Shiller poderia ter sido inspirado pelos dados da economia portuguesa, hoje dominada por uma euforia de crescimento contagiante, alheia às contrariedades e desafiando qualquer previsão de muito curto prazo.

As últimas notícias dão conta destes estados de alma: os preços de casas continuaram a subir no primeiro trimestre de 2022 (INE); os salários subiram no sector do alojamento devido à dificuldade em encontrar trabalhadores; os preços na produção industrial aumentaram 25,7% em junho; as empresas aumentaram salários para reter trabalhadores para contrariar a escassez de mão de obra qualificada (Banco de Portugal).

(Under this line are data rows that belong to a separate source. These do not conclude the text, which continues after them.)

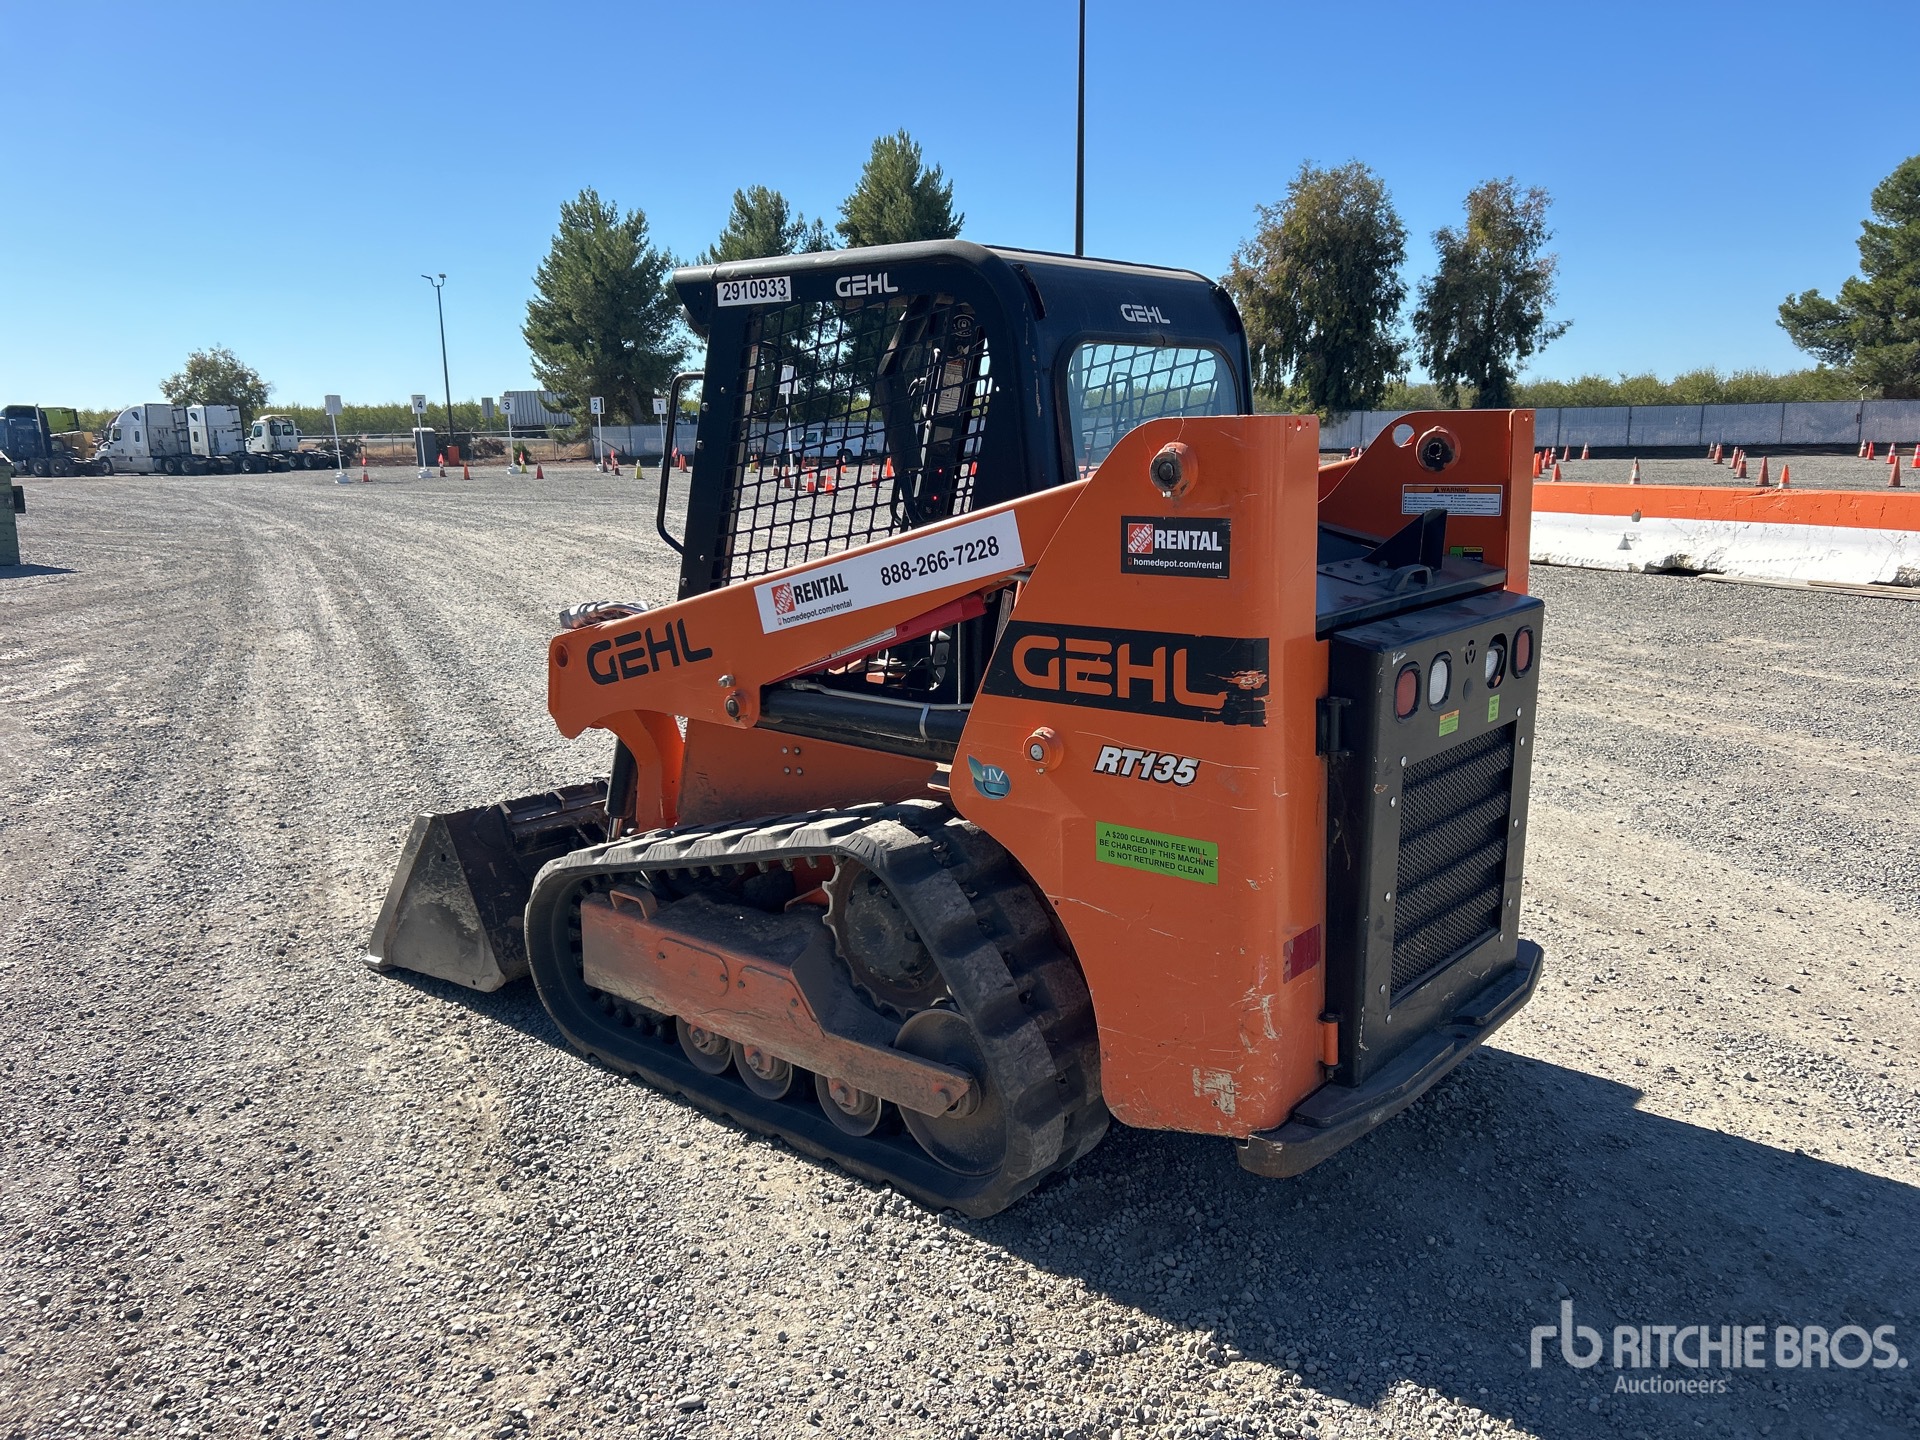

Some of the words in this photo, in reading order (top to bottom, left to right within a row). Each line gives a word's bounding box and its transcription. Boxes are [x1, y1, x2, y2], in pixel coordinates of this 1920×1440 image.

[722, 278, 787, 301] 2910933
[835, 272, 899, 297] GEHL
[1120, 303, 1171, 324] GEHL
[417, 401, 423, 410] 4
[504, 402, 511, 411] 3
[593, 402, 598, 410] 2
[1128, 523, 1153, 553] HOME
[1131, 526, 1141, 539] THE
[1137, 536, 1153, 553] DEPOT
[1154, 529, 1223, 552] RENTAL
[880, 535, 1000, 587] 888-266-7228
[1133, 557, 1222, 570] homedepot.com/rental
[792, 572, 849, 605] RENTAL
[781, 599, 853, 625] homedepot.com/rental
[586, 618, 713, 686] GEHL
[1012, 634, 1228, 710] GEHL
[1093, 744, 1200, 787] RT135
[1099, 838, 1109, 847] BE
[1110, 840, 1148, 855] CHARGED
[1149, 848, 1157, 856] IF
[1158, 849, 1176, 860] THIS
[1105, 830, 1111, 838] A
[1112, 831, 1129, 841] $200
[1130, 834, 1169, 849] CLEANING
[1171, 842, 1186, 852] FEE
[1187, 845, 1208, 856] WILL
[1108, 850, 1115, 858] IS
[1116, 851, 1132, 860] NOT
[1134, 855, 1176, 870] RETURNED
[1177, 864, 1205, 876] CLEAN

É certo que há muito para recuperar quando se foi um dos mais afetados pela recessão pandémica, mas a incerteza de uma guerra a Leste, seca, inflação e a promessa de perda de poder de compra seriam razões suficientes para instalar o mais renitente dos pessimismos, sentimento que parece ter sido banido do léxico português.

Mediante este(s) cenário(s), a Comissão Europeia (CE) reviu em alta a previsão de crescimento português em 2022 de 5,8 para 6,8%, um valor muito acima do crescimento médio de 2,7% da União Europeia, enquanto antecipa que em 2023 o crescimento português irá desacelerar para 1,9%, contra os 1,5% previstos para a União Europeia.

A narrativa da CE espelha os dados anteriores e confirma que a economia portuguesa está lançada. Tal dificilmente seria possível sem os fortes apoios concedidos durante a pandemia, responsáveis pela folga financeira das famílias portuguesas após a crise.

E há aqui o sabor do regresso a uma velha narrativa viral, a de que há dois veículos privilegiados do crescimento português – o regresso do turismo e fundos europeus –, ou, que não é certo que estas novas dinâmicas gerem transformações sustentáveis.

Passada a euforia, regressar-se-á à casa de partida.

Este artigo é publicado no âmbito da rubrica “Barómetro”, do Boletim Económico de Verão do JE, parte integrante da edição impressa de dia 22 de julho.